*** Task data Section Begins ***
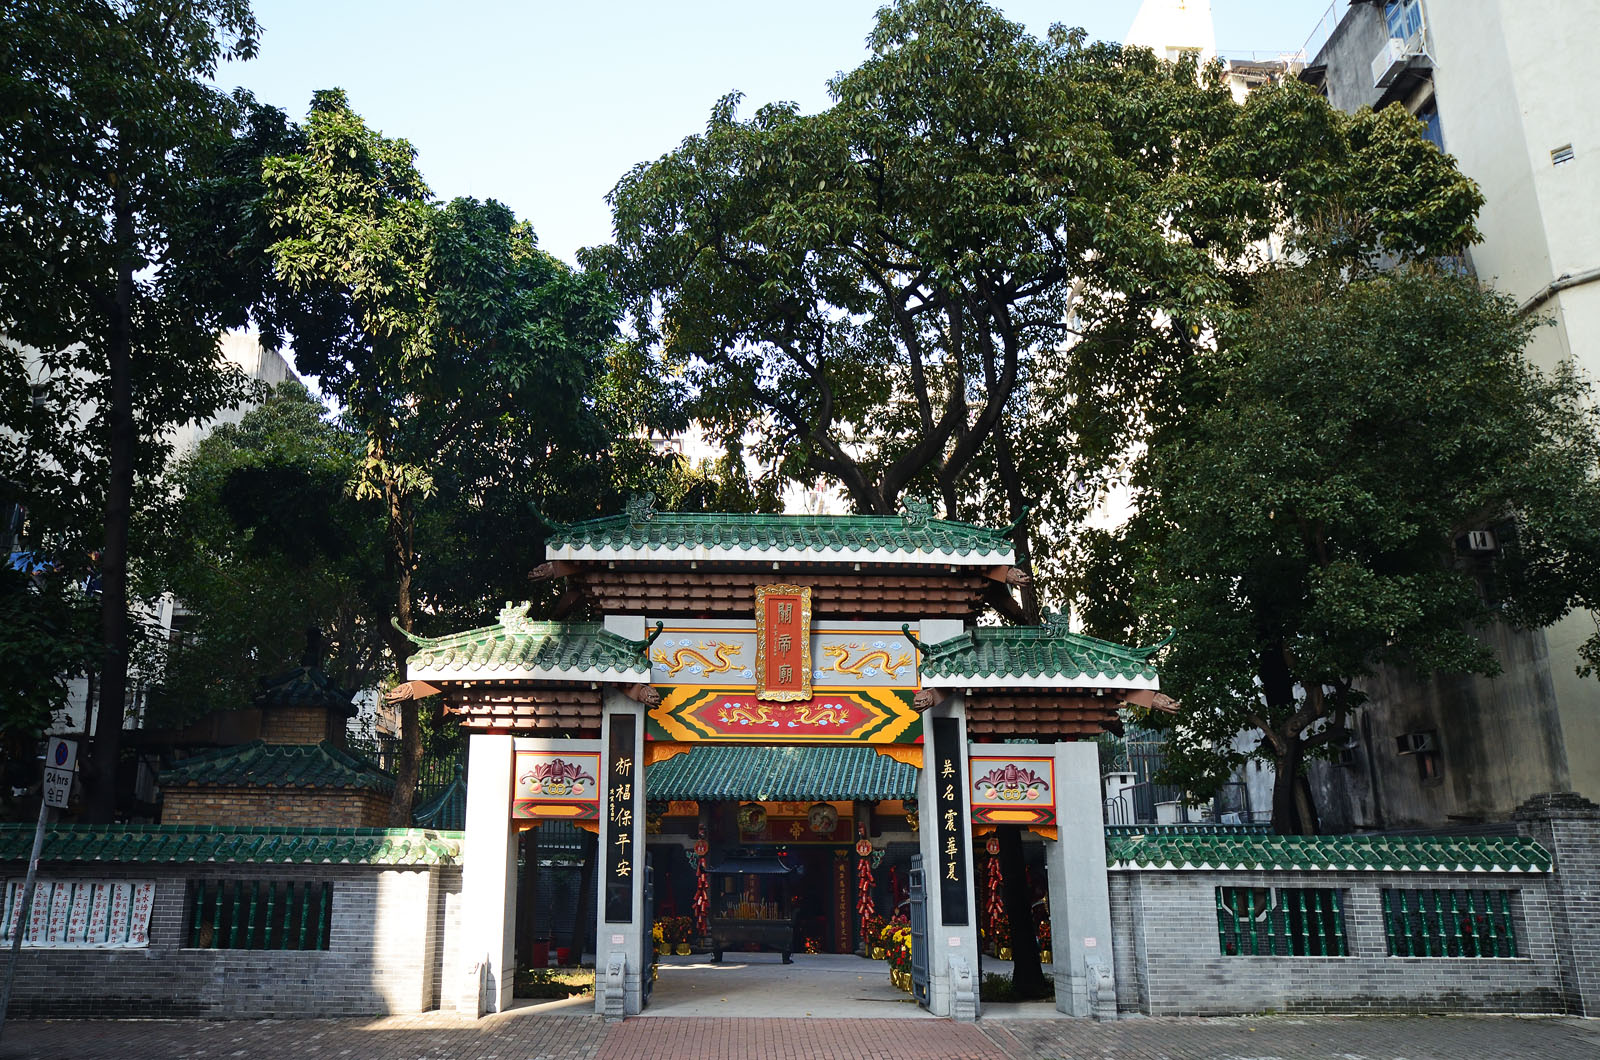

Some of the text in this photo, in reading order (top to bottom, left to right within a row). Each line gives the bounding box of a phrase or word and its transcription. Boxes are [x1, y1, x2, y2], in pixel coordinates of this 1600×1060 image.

[778, 602, 793, 684] 關帝廟
[46, 772, 69, 786] 24 hrs
[47, 788, 64, 803] 全日
[615, 757, 633, 877] 祈福保平安
[941, 759, 959, 881] 英名震華夏
*** Task data Section Ends ***
● **Work to be completed**
Go through the material above and retype every line exactly, without the images.

● **Answer box**
Some of the text in this photo, in reading order (top to bottom, left to right within a row). Each line gives the bounding box of a phrase or word and its transcription. Boxes are [x1, y1, x2, y2], in pixel coordinates of this 1600×1060 image.

[778, 602, 793, 684] 關帝廟
[46, 772, 69, 786] 24 hrs
[47, 788, 64, 803] 全日
[615, 757, 633, 877] 祈福保平安
[941, 759, 959, 881] 英名震華夏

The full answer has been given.